(Records for the task begins)
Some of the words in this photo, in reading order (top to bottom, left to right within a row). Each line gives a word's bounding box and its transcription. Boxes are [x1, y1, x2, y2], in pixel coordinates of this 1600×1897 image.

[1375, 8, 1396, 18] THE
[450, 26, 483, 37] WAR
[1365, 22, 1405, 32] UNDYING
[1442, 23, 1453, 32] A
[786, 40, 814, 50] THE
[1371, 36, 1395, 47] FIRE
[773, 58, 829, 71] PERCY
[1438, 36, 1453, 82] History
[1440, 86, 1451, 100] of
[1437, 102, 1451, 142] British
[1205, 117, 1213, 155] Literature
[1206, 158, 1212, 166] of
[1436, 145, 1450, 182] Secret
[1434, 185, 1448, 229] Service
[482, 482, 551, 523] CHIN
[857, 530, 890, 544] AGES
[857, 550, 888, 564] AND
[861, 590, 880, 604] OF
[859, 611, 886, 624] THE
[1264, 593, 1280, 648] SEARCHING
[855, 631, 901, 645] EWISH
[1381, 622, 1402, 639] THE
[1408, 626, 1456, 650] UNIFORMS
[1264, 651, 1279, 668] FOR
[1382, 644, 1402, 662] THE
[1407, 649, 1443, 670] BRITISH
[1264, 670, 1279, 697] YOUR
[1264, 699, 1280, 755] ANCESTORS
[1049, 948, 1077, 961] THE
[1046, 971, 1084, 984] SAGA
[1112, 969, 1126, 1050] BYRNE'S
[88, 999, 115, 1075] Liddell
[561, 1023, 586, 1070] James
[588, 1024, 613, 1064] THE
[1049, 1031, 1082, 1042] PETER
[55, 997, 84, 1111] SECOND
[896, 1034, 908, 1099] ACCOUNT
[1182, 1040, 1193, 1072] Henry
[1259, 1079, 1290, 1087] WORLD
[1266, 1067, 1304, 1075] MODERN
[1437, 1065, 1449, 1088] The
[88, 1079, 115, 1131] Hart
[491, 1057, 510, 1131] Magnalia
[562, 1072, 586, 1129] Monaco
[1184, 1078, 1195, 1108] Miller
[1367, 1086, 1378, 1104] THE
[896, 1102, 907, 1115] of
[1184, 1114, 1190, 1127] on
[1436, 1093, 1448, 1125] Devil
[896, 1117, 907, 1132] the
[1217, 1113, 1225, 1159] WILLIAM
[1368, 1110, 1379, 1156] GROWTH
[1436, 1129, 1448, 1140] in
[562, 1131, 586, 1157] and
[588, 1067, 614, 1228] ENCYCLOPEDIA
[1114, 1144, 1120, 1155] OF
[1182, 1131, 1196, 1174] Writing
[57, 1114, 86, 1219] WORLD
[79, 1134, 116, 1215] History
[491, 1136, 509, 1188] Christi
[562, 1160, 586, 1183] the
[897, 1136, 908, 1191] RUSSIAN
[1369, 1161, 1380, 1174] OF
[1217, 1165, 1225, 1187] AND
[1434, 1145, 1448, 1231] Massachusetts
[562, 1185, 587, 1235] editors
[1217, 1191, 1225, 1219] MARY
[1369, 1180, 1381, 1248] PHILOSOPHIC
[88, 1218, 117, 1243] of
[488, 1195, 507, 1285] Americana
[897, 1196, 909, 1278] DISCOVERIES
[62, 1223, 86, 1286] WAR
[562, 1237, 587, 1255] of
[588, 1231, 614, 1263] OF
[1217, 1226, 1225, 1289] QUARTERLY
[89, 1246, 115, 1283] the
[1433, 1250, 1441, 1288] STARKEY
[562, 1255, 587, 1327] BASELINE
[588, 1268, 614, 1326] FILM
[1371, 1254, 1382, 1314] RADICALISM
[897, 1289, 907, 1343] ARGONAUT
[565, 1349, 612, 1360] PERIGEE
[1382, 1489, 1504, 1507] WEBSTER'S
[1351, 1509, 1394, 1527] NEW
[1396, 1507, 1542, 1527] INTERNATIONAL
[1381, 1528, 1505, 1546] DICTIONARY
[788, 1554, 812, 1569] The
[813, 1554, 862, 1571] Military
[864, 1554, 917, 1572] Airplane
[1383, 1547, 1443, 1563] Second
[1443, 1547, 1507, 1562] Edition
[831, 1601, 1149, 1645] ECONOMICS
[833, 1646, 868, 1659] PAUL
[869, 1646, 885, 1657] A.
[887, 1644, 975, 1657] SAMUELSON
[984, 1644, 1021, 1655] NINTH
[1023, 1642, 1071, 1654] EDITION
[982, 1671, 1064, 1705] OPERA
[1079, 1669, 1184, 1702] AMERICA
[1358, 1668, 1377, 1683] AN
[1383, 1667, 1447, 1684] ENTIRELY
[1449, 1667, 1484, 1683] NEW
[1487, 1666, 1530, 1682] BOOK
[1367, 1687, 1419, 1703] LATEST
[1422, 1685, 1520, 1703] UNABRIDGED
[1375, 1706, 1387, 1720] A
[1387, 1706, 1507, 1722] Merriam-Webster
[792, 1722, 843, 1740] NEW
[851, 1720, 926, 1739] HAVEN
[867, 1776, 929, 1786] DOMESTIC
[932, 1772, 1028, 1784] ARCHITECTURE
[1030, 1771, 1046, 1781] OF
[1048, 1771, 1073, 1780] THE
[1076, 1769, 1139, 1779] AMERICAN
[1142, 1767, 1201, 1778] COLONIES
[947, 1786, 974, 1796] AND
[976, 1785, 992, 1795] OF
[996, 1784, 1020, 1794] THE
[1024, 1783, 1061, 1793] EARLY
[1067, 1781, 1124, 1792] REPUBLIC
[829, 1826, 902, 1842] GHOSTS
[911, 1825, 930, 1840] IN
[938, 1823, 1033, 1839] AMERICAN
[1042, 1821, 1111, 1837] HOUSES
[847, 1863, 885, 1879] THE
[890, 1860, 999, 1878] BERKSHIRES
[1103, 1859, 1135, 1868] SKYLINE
(Records for the task ends)
Assignment: If a line above contains the word "History", it counts; state how many lines count, and nothing more.

Task output: 2